Thanks to all for the positives. I am “playing through” myself these days, so perhaps I have an unusual amount of sympathy for these guys in this regard.
@HEM: It had not occurred to me that Self might use injury in this way, but given his proven sophistication in using the media in other ways it seems possible. I will keep an eye out for it.
@Ralster: Your remark about Jam Tray is very insightful and suggests something broader to me. At certain times, Self’s teams are among the most explosive I have seen, while at others they appear like duds not going off. I have tended to attribute this largely to the self-fulfilling prophecy-effect of Self going with the normal distribution assumption of human performance (i.e., 1/3 great, 1/3 average, and 1/3 awful). But your remark about Jam Tray’s consistent explosiveness correlating with his robust physical constitution and infrequency of apparent injury, makes me hypothesize the following. Perhaps the wildly explosive team performances, you know, those games where everyone seems to be jumping out of the gym and doing amazing things, perhaps those performances occur when most everyone in the rotation is relatively healthy. Conversely, maybe the seeming dud games occur when 2, 3, or more rotation players are playing hobbled and the team is trying to nurse their way to a win on limited explosiveness due to a cluster of injuries. Its seems worth considering.
@JAF: thanks for sharing that quote by the NBA player; that was perfect pitch on your part.

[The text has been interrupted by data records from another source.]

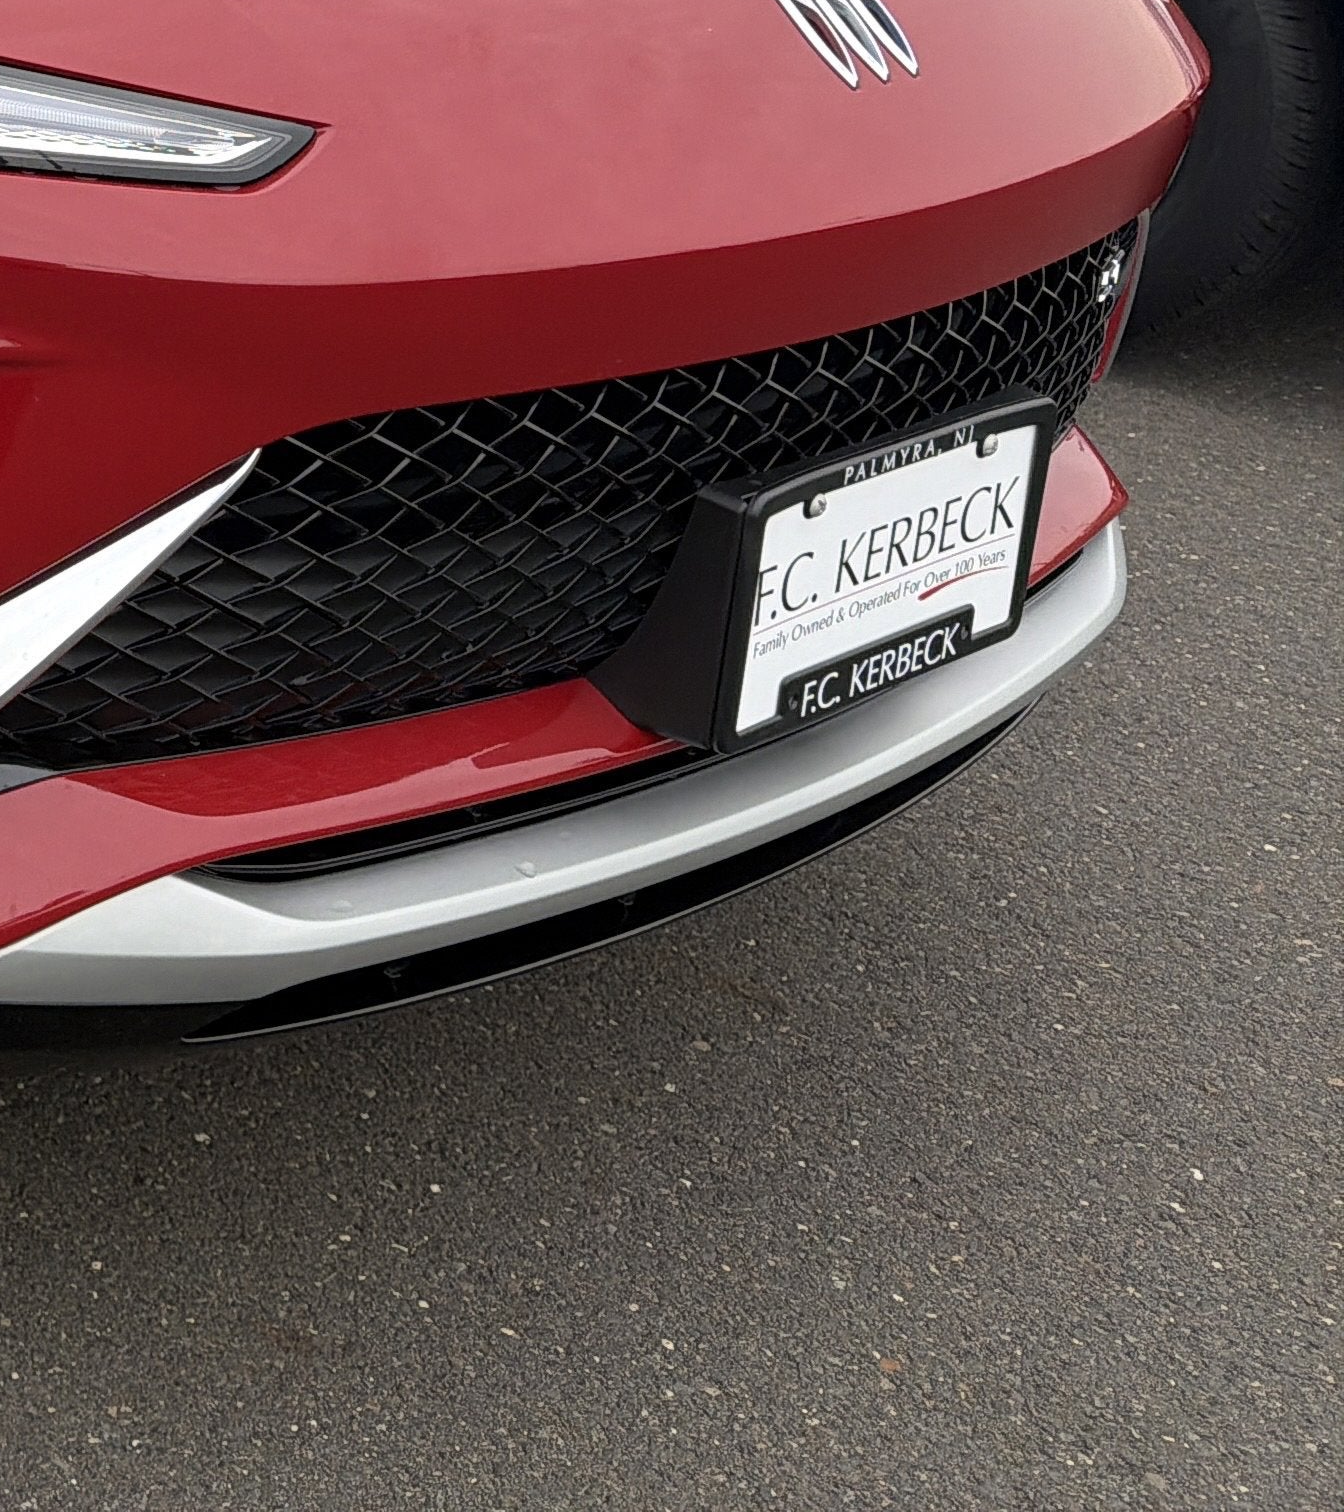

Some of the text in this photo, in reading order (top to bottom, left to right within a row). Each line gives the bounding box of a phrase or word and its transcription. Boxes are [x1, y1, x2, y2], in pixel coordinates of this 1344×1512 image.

[843, 439, 942, 486] PALMYRA,
[753, 475, 1021, 627] F.C. KERBECK
[752, 548, 1007, 660] Family Owned & Operated For Over 100 Years
[800, 622, 961, 718] F.C. KERBECK
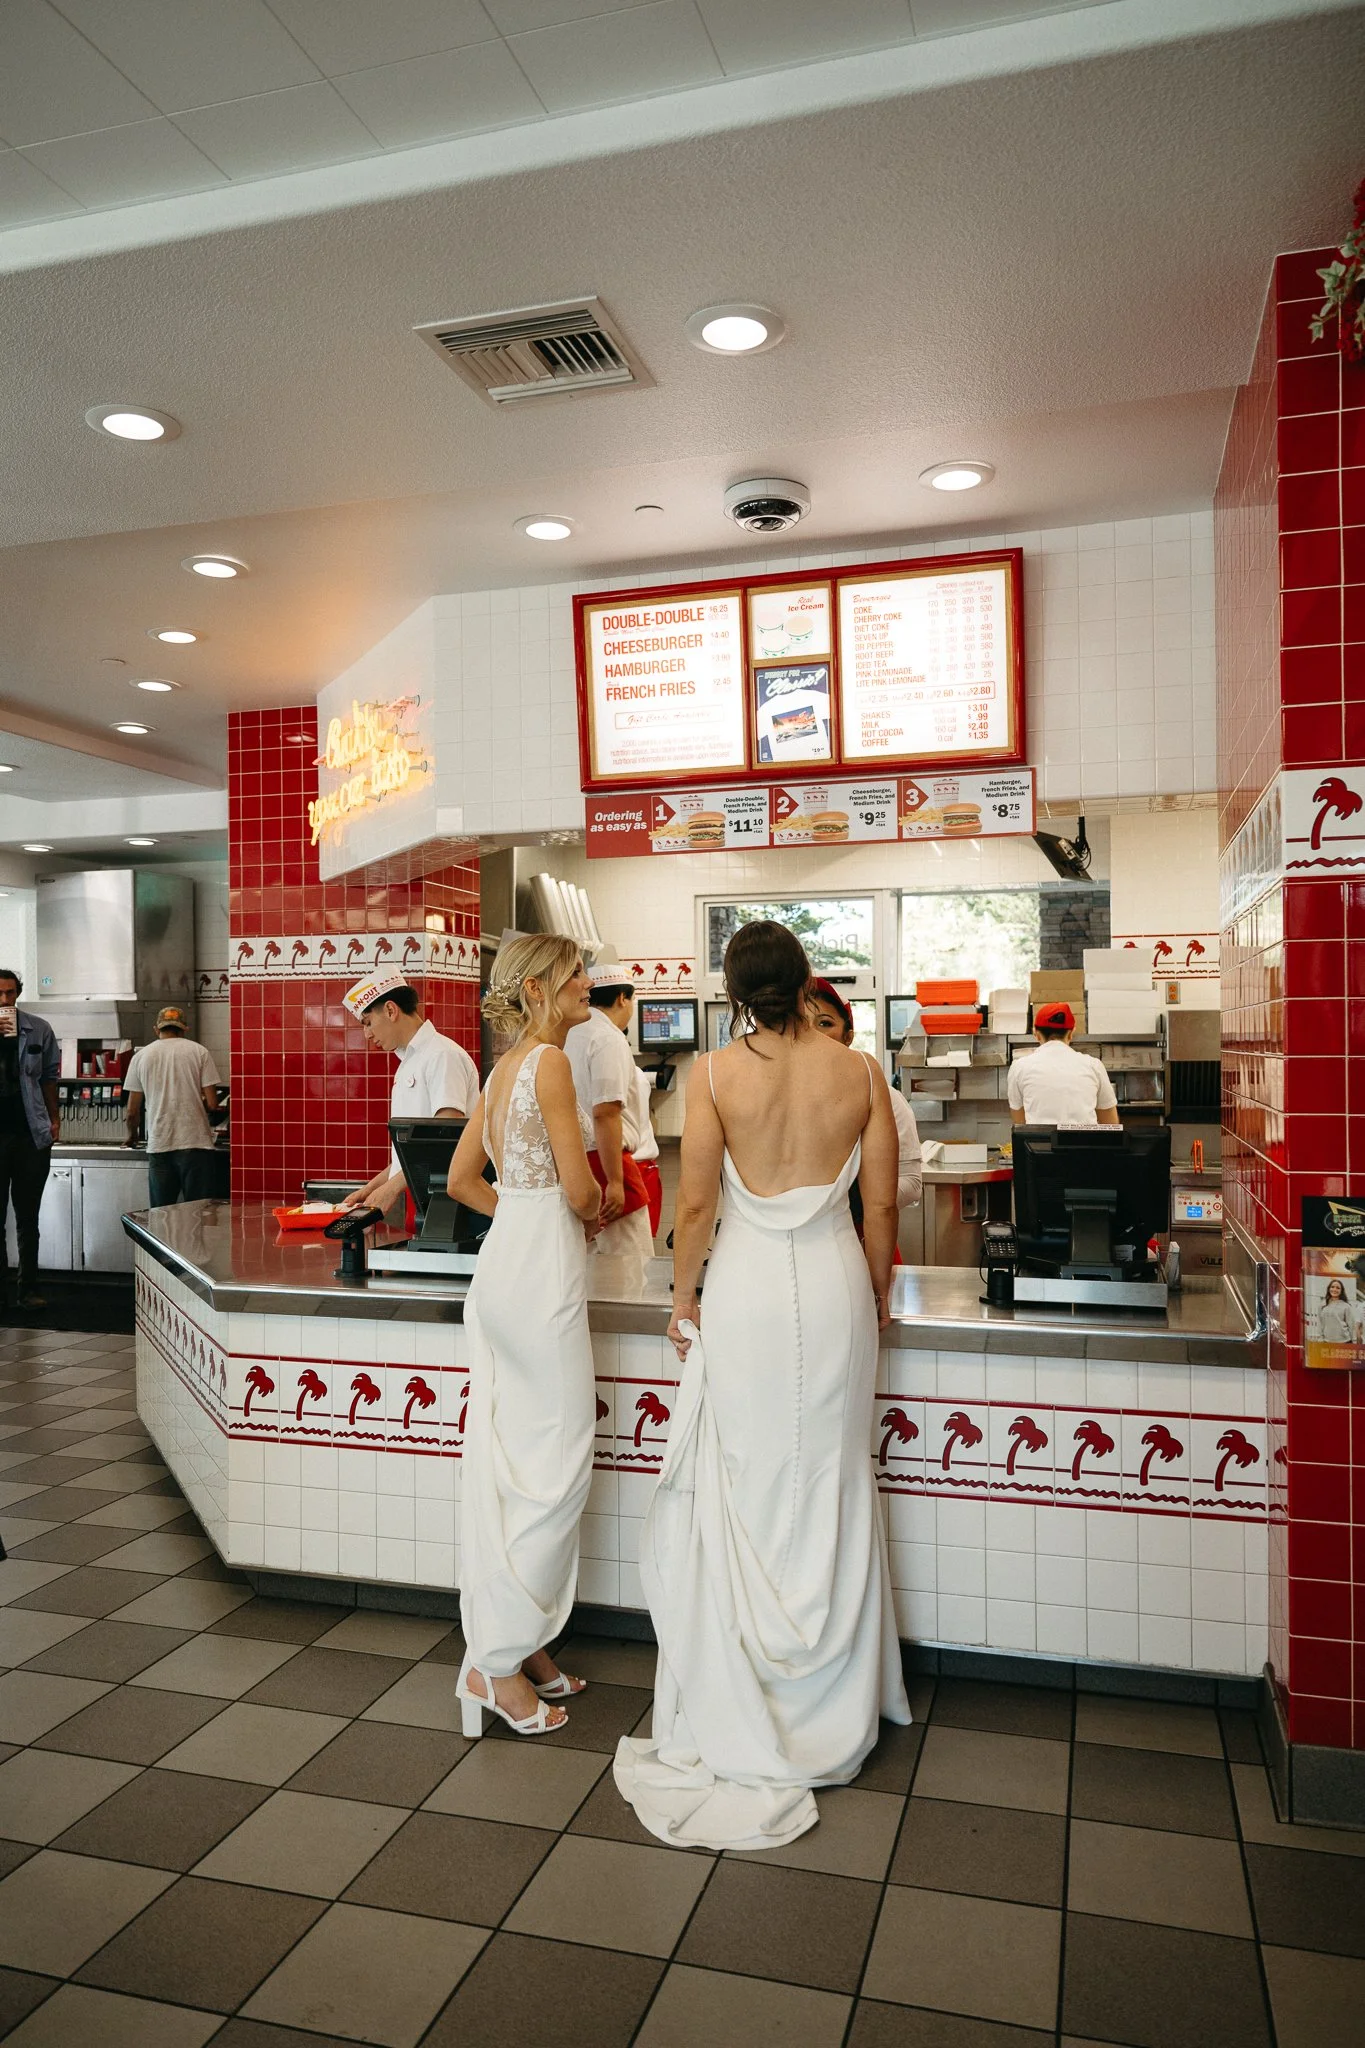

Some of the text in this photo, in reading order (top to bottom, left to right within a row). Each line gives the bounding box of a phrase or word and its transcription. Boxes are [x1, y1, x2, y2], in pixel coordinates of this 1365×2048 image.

[798, 596, 813, 604] Real
[853, 606, 872, 615] COKE
[980, 595, 992, 603] 520
[788, 602, 824, 612] Ice Cream
[602, 607, 705, 631] DOUBLE-DOUBLE
[710, 604, 728, 613] $6.25
[853, 614, 881, 624] CHERRY
[883, 612, 903, 621] COKE
[980, 604, 992, 612] 530
[854, 624, 869, 633] DIET
[872, 623, 890, 631] COKE
[855, 633, 877, 642] SEVEN
[879, 632, 888, 640] UP
[604, 634, 703, 656] CHEESEBURGER
[867, 641, 894, 650] PEPPER
[855, 652, 873, 660] ROOT
[875, 650, 894, 658] BEER
[605, 658, 686, 678] HAMBURGER
[856, 661, 871, 669] ICED
[874, 660, 887, 668] TEA
[856, 671, 871, 679] PINK
[874, 667, 912, 677] LEMONADE
[856, 680, 870, 688] LITE
[872, 678, 887, 686] PINK
[889, 675, 926, 685] LEMONADE
[984, 670, 992, 678] 25
[606, 684, 656, 701] FRENCH
[660, 681, 696, 696] FRIES
[969, 686, 991, 695] $2.80
[861, 710, 891, 720] SHAKES
[861, 721, 879, 729] MILK
[861, 730, 876, 738] HOT
[878, 728, 904, 737] COCOA
[968, 721, 988, 730] $2.40
[862, 738, 889, 748] COFFEE
[905, 788, 919, 806] 3
[777, 796, 790, 813] 2
[594, 809, 643, 823] Ordering
[655, 804, 667, 821] 1
[590, 821, 647, 833] as easy as
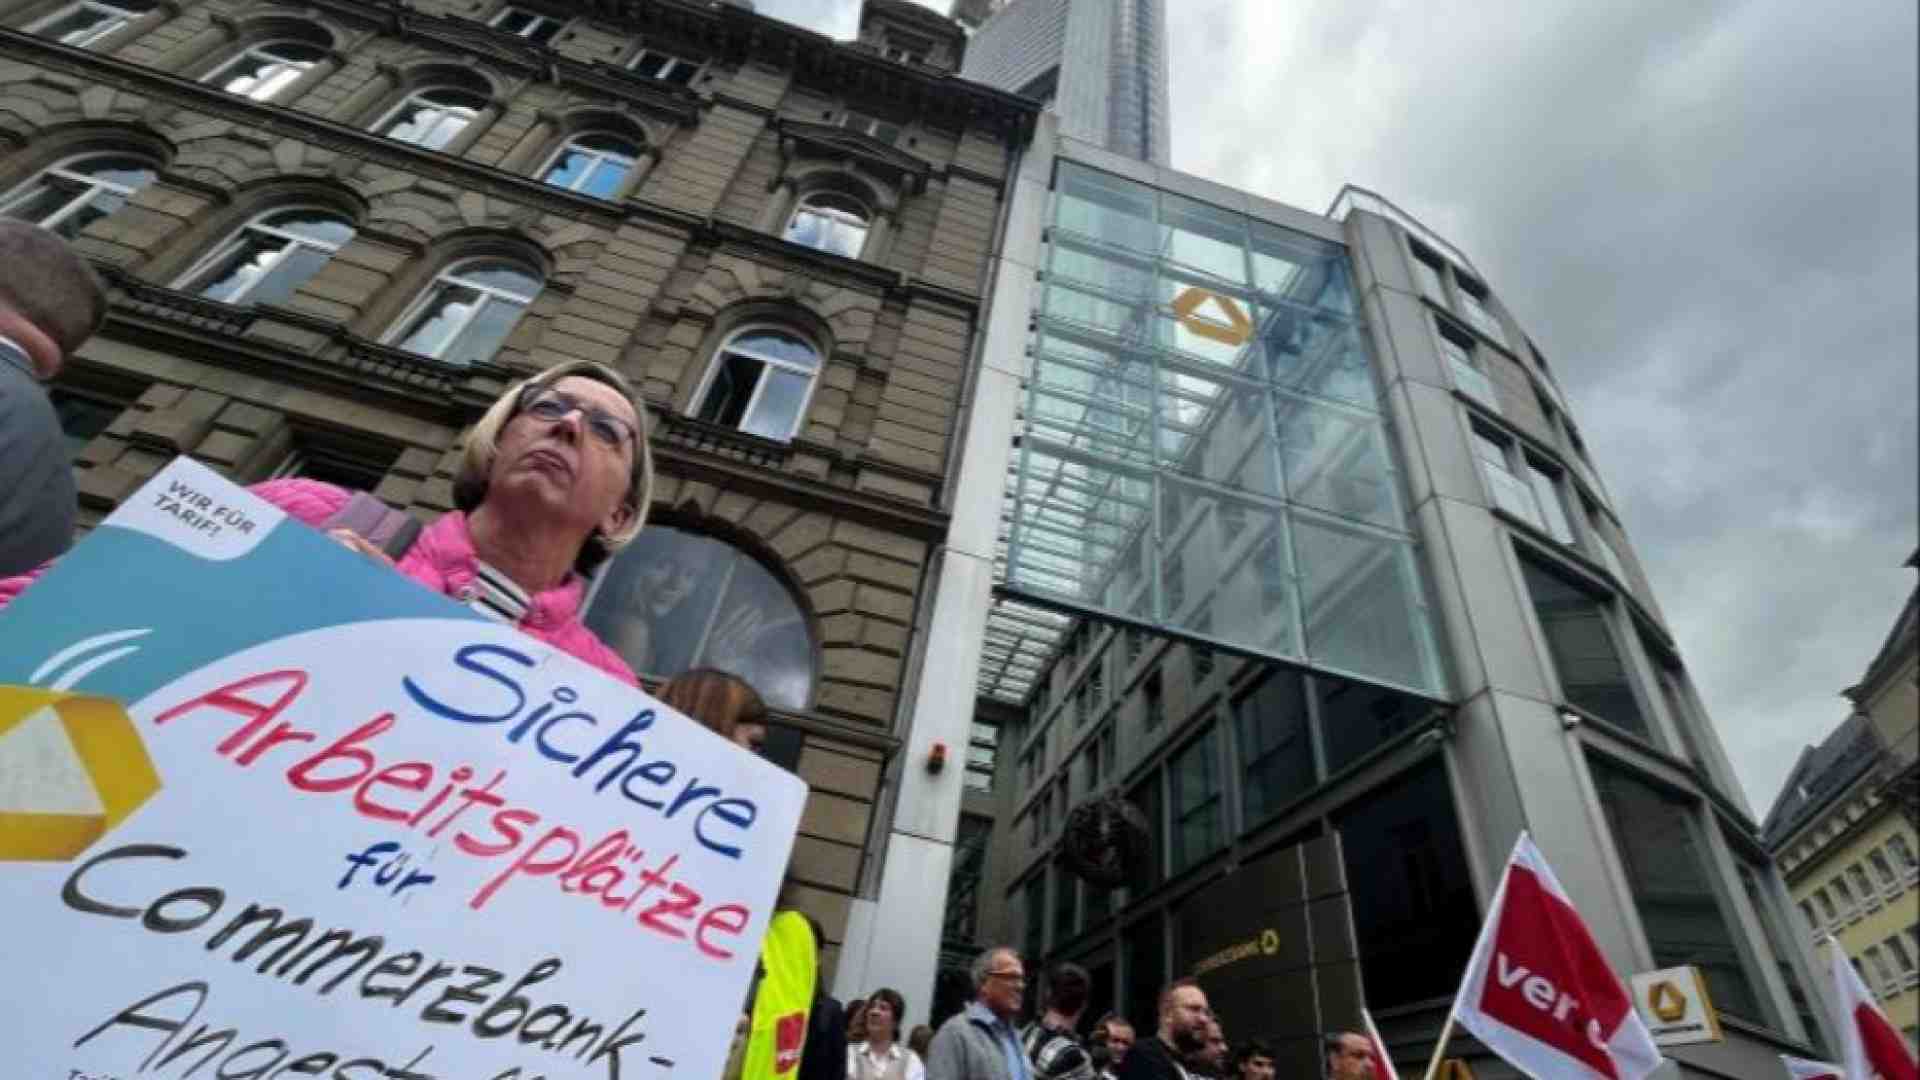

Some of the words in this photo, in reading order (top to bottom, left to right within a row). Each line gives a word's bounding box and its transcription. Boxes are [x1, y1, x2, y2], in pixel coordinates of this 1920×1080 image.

[154, 494, 222, 537] TARIF!
[169, 480, 213, 511] WIR
[212, 506, 256, 535] FÜR
[402, 643, 758, 860] Sichere
[153, 669, 751, 959] Arbeitsplätze
[337, 842, 436, 897] für

@Wis: yeah, its not just fatigue that makes cowards of us all. injury pain does too. And I’ve had tennis elbow twice, though never from tennis. Once after digging and planting a huge garden on California hard pan, and once from a foolish stretch of building a few pieces of large furniture and insisting on trying to do it the old fashioned way without power tools to see what it was like. Driving about three dozen screws did it. OMG was it painful! You better believe I got a shot of cortisone for that!!! For what its worth, I had a higher pain thresh than a few, but I always remember this one friend that liked to play knock buckles with everyone he met, especially with me. He had Fred Flintstone hands. and mine were kind of bony. We would stand face to face, make fists with one of our hands, and start slowly punching them together, knuckles to knuckles, softly at first, then harder and harder, until one of us quit. It was one of the dumbest things I ever did as a kid, and I did some very dumb things in those days, but try as I might I could never outlast him. And it wasn’t that he was duller than me, and so oblivious to pain and injury. He was a fabulous student and the first truly great athlete I ever knew. He could do most anything in sport. He just had a higher pain threshold than I did. On the other hand he had asthma and could not stand the heat and pollen the way I could, even though the pollen could get me pretty badly. I could always outlast him working outside in summertime. Every human being is an amazingly unique distributions of strengths and weaknesses. I believe these asymmetries underpin the efficiency and beauty of teams.